Так же бережно говорит он и о том таинственном предчувствии, не выросшем в меру ясного церковного сознания, которое Флоренский и отец Сергий Булгаков пытались выразить в своем учении о Софии. С осторожностью относясь к присущей обоим богословам рационализации мистического опыта, к возможной преждевременности «метафизических домыслов», Фудель восстает против высокомерного нечувствия, «тяжелого и безнадежного семинаризма мышления»[402] критиков «софианства». В одной из поздних глав своих «Воспоминаний», появившейся в начале 70–х годов, он так напишет о тех, кому «доставляет удовольствие производить суд» над старшими друзьями его юности: «Не будем участвовать в этом. Богословие должно быть смиренно, как молитва, но и судить еще не смиренных мы не решаемся»[403].
И вот, несмотря на все ошибки или недостатки Флоренского, Сергей Фудель справедливо оценивает его не по этим ошибкам, а по духовному итогу его творчества, который можно передать так: воцерковление научного разума, «и этого детища Божия», а с ним и всех сфер человеческого знания, всего достояния мировой культуры. Флоренский властно обращал сознание его читателей, а особенно — знавших его, «в реальность духовной жизни, в действительность общения с Божественным миром»[404]. Он «открыл какое‑то окно, и на наше религиозное мышление повеяло воздухом горнего мира. Живая вера живой души толкнула нас на путь опытного богопознания»[405]. Отец Павел открыл Церковь многим, в том числе некогда и Сергею Фуделю. Ученые же критики Флоренского — едва ли. И этот критерий является для Фуделя вернейшим, как и при сопоставлении Достоевского с Леонтьевым.
Лишь год проучившийся в университете счетовод, живущий в глухой русской провинции, в глубине души считал литературоведение не особо ценным занятием с точки зрения достижения Вечности. Но написанная им книга о Достоевском внесла серьезный вклад в осмысление наследия великого русского писателя. Это с готовностью признали профессиональные филологи, прочитавшие «Наследство Достоевского» много лет спустя. Нечто похожее получилось и с работой о Флоренском, которая выявила в Сергее Фуделе созревшего исследователя религиозной и богословской мысли. Конечно, его становлению послужили и многие тома творений святых отцов, академических богословов и философов, поглощенные Фуделем в его утлом доме, в квартирах друзей, в читальных залах московских библиотек, куда он время от времени выбирался. Полный чемодан выписок остался после его смерти. Так что невеждой и в школьном богословии он не был. Однако зоркость и проницательность его видению более всего придавала воспитанная долгим аскетическим опытом трезвенная целомудренность ума, устремленного к единому на потребу[406].

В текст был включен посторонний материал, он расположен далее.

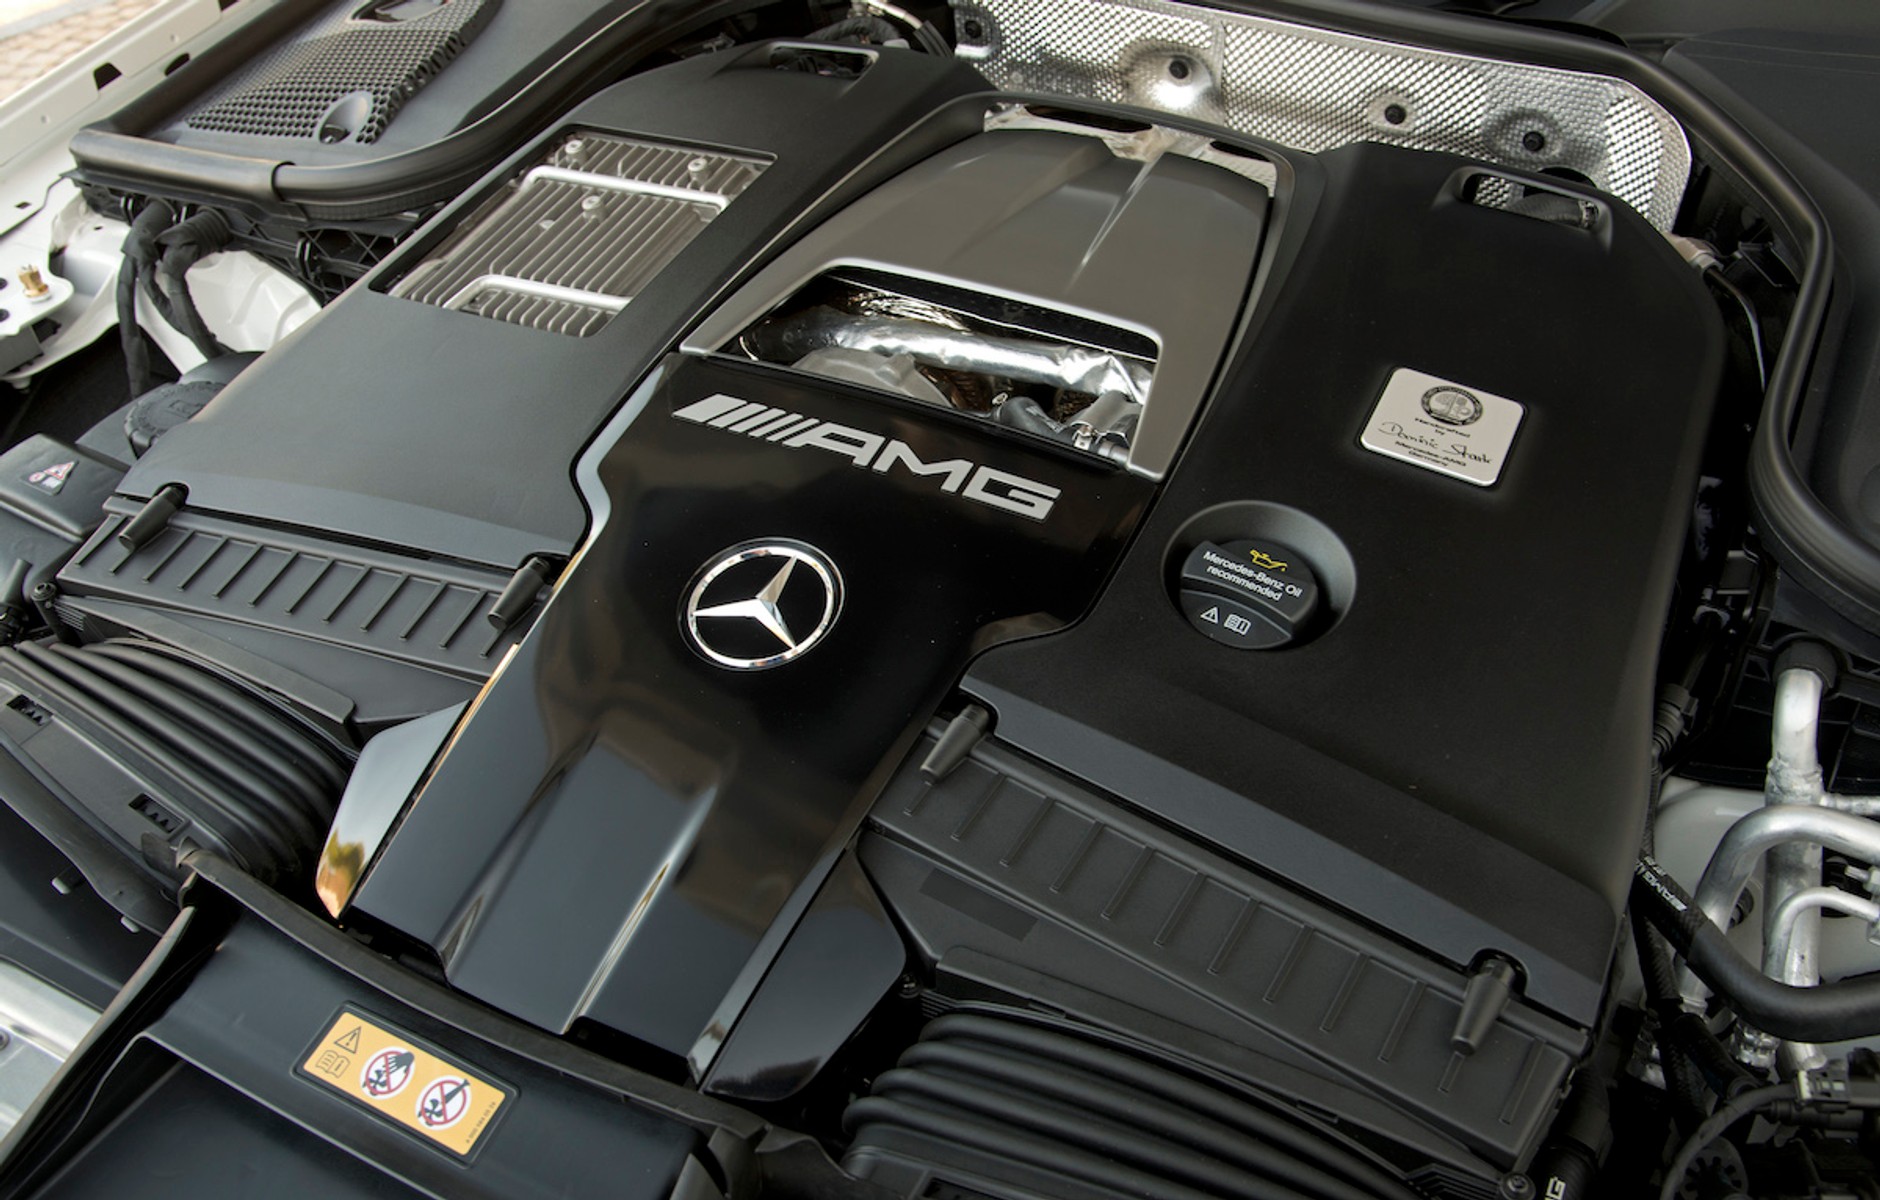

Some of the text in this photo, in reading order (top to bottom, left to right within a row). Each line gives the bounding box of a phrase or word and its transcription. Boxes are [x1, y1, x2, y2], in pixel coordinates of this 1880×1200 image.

«Славянофильство и Церковь»
Фудель считал Флоренского творческим продолжателем «духа старого славянофильства, одного из наиболее неожиданных и светлых движений русских образованных людей XIX века»[407], которому многим был обязан и Достоевский. И потому от книг о Достоевском и Флоренском естественным был переход к работе о славянофильском движении, в котором Фудель видел яркий и смелый порыв возрождения христианской мысли и жизни, попытку противостояния углублявшейся секуляризации ради духовного преображения России.
Точнее, работа эта шла параллельно. Еще осенью 1960 года к отмечавшемуся тогда столетию со дня смерти A. C. Хомякова Фудель написал статью о значении богословского наследия этого мыслителя. Надежда опубликовать работу в «Журнале Московской Патриархии» в очередной раз не осуществилась. Но впоследствии очерк о Хомякове был существенно переработан и дополнен, послужив основой для работы «Славянофильство и Церковь». Она была завершена много позднее, в 1972 году, а опубликована в парижском «Вестнике Русского христианского движения» спустя шесть лет, уже после смерти автора.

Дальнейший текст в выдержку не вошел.